The kicker is that in this instance, although she is incredibly beautiful, it was her innocence and spirituality that I was attracted to. We do not engage in sexual experiences regularly, she is my girlfriend as well however mainly, rather just general loving and caring embraces and support. We are very close and my husband is very close to her as well.
As of recently the more over two years that we began to experience life with this couple, my husband and I found what we had both always been looking for. An open minded, safe and pure loving couple that began as deep friends. We never went in searching for a relationship, just understanding we were open to the idea that people in this world are beautiful and that we will be physically and spiritually attracted to multiple ppl in this life in different ways.
What we have found is that over the last couple of months that our relationship has grown emensly to new levels.
Mentally and physically my new found boyfriend is everything that I could ever ask for in a partner. He and my husband are my wings and they both care for eachother on a platonic level more than I ever thought my very passive husband could about another human. My husband loves the woman in his life too very deeply, as both of us have found that each of our new puzzle pieces fills a gap in our life and souls that no one else can. We love eachother in the deepest, rawest, purest way and each incredibly unique to the person.
My husbands relationship w my best friend is not a sexual one, he loves an protects her like a knight protecting the innocence of a child. She needs this, she searched for a very long time for this because of the pain she has been though in life.
On the otherhand, me and my partner are engaged on a physical and mental level, that which neither of our other partners was able to fill in us.
We all four need eachother dearly and never faulter. The free spirits of us all and willingness to work through any situation knowing it has no other choice but to work, allows us to plan for the future and live in the moment.
I am excited to say however that my partner and I, my first male experience out aide of my hubby, had our first physically sexual experience recently and it was amazing the level of compassion and understanding that had filled the entire quad because of it. We laugh and say that we are the pillars of the quad and his girlfriend the glue, my hubby being the protector that will never let us break or faulter, always making sure the glue is strong.

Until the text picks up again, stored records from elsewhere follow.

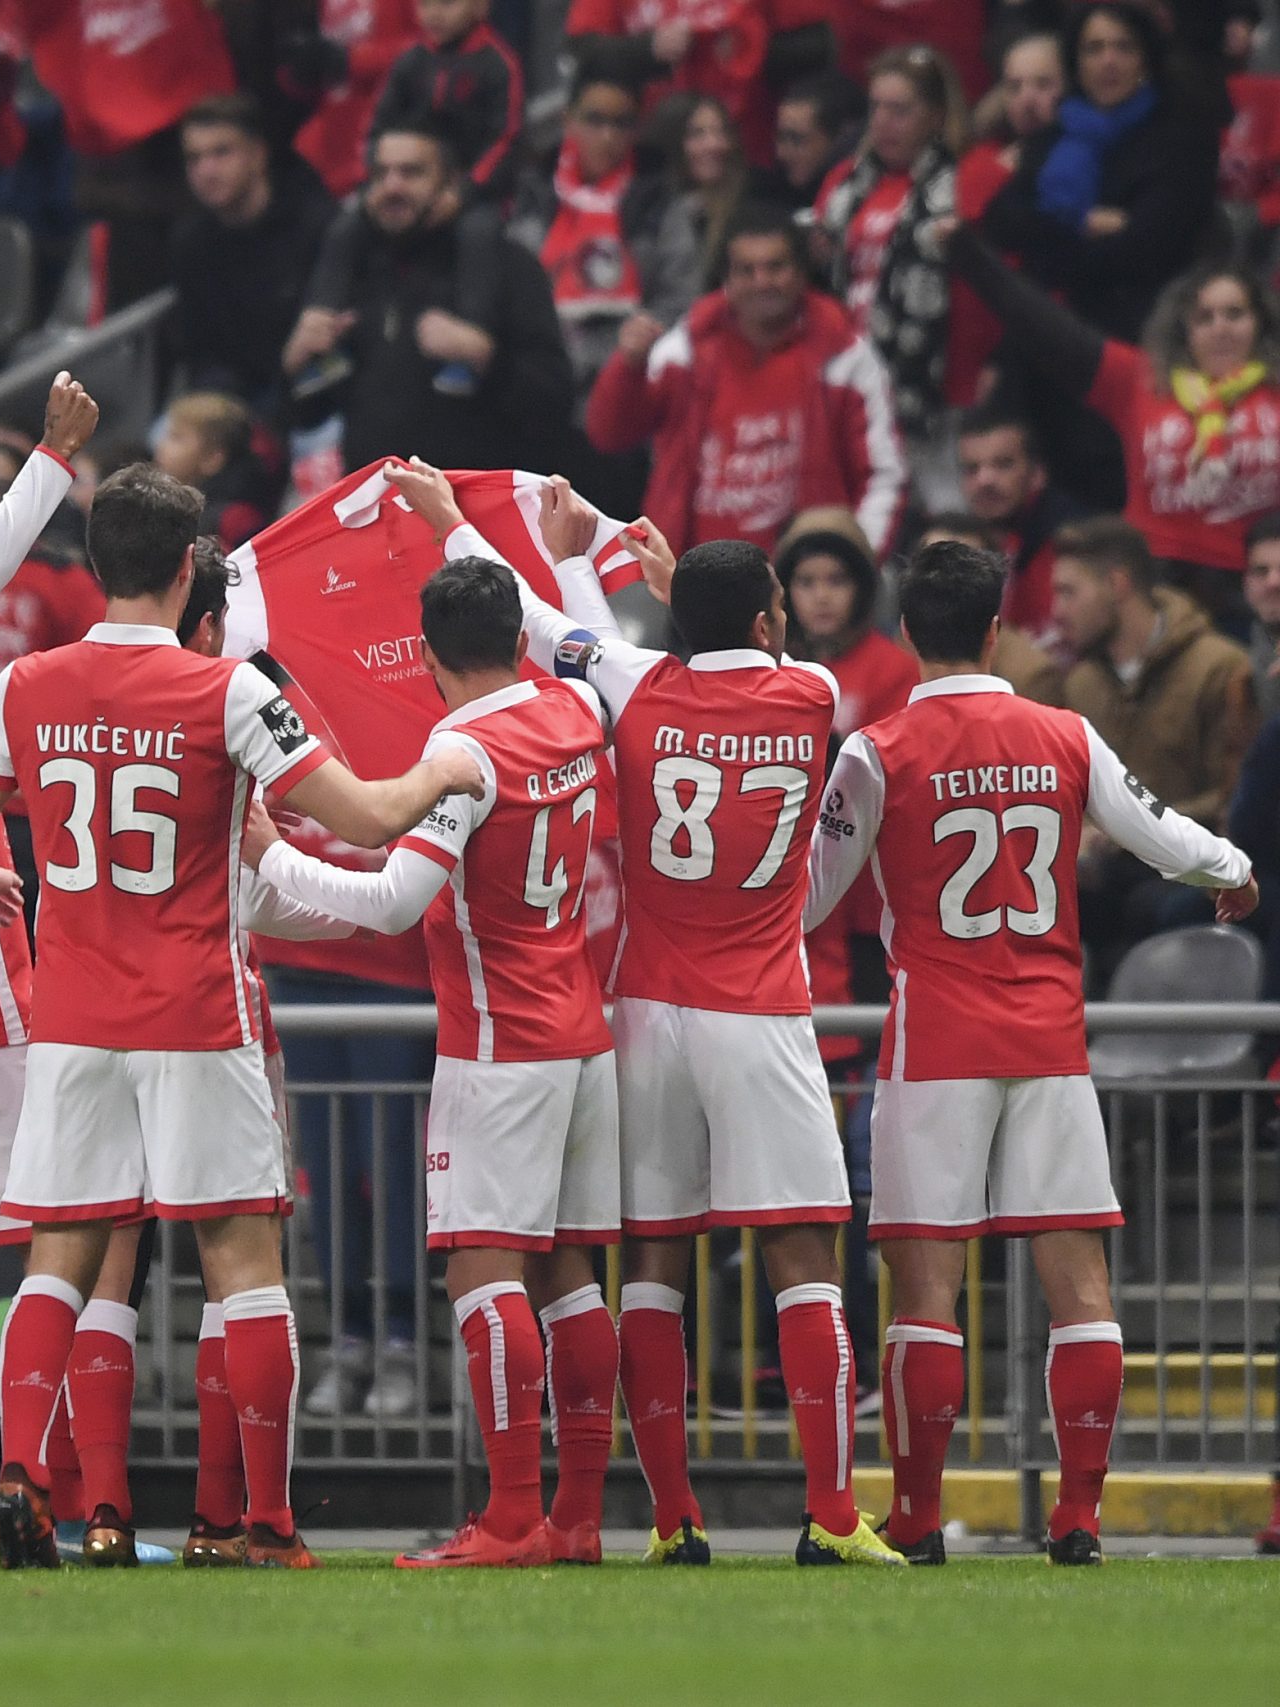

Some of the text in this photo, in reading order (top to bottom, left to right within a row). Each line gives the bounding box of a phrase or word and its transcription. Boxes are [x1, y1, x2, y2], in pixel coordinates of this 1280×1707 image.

[352, 635, 416, 670] VISIT
[36, 716, 186, 761] VUKČEVIĆ
[929, 764, 1058, 801] TEIXEIRA
[38, 756, 181, 897] 35
[426, 809, 459, 832] SEG
[650, 755, 810, 890] 87
[933, 803, 1061, 940] 23

I have never loved people more than I do these three. Our relationship is so unique and my new found partner is the flame to my spark of life. My hubby, the water. They balance eachother and without one, the other would not exist in serinity.
I have to thank my flame, my spark of life, for filling my life with hope and power again. You have filled that gap for me, where no one on this planet could.
As I looked deep into his amber eyes for the first time, I knew our lives would never be the same and that my life and soul would burn brighter because of him, as a Phoenix rising from the ashes from flame. And after looking into the innocence and beauty of her eyes, we knew my husband too had found sumthing he had searched for for year in her to protect and comfort where I, am too stubborn and indepent for him in that regard.
I wanted to update this blog,
My quad has been changing and morphing so quickly. We are truely blessed for the dynamic that we share, as my husband and my girlfriend went on an amazing emotional journey this wkend. I am so proud of them! They found out just how they fit in eachothers lives, as for both of them, they come from very closed upbringings and although they want our quad more than anything, it has been difficult for both of them to find their own definition of what a relationship is between them. They only knew how much they love eachother and love me and her boyfriend as well.
We are all deeply in love with eachother and it's amazing to read some of Mono's post because I can relate to the idea that, I don't understand how I can be so blessed and feel so complete w them.
We had tried a 'v' previously. And although it didn't end poorly, it certainly was not fulfilling to both my husband and I nor was it actually a compliement to our relationships core. It wasn't the 'v' that caused it, it TRUeLy is the people you surround urself with.
Polly is based on building relationships with people you deeply love and care for on a level that no one else will understand.
My boyfriend and I talk constantly. I have found a kindred spirit in him and it is because of the open communication of our relationship and open eyes of all of us involved of how truely epically blessed and loved we are that it works.
We all see and know to the core, just how much none of us could survive on the same plane we do without eachother. We are truely better people scalar of the energy we share.
I have read it several times over on these forums: love takes work.
Love comes natural BUT love takes work to communicate sometimes. Love is a universal Language but we are all humans ontop of these loving spirits. It takes help and open eyes to understand things when our human nature doesn't translate our spiritual selves correctly.
Much love and peace to you all. My blessings.
Nice post LifesRogue :) It's great to hear such positivity.
Hope you have lots more to share with us:D
Thank you Mono :)
So I have to share!
We have has our unstated quad for a while now, however we made it official last night. After some beautiful tears from all of us, our glue, my beautiful blessed girl decided she knew exactly where she wanted to be in life with my husband and for what we see as the long hual together, we officially all became Polly partners for what consider life.
We are all so excited to know that my girl was the one that brought us together and changed all of our lives forever.
Sorry for the poor grammar in that last post, teehee, teach me to update this on my phone.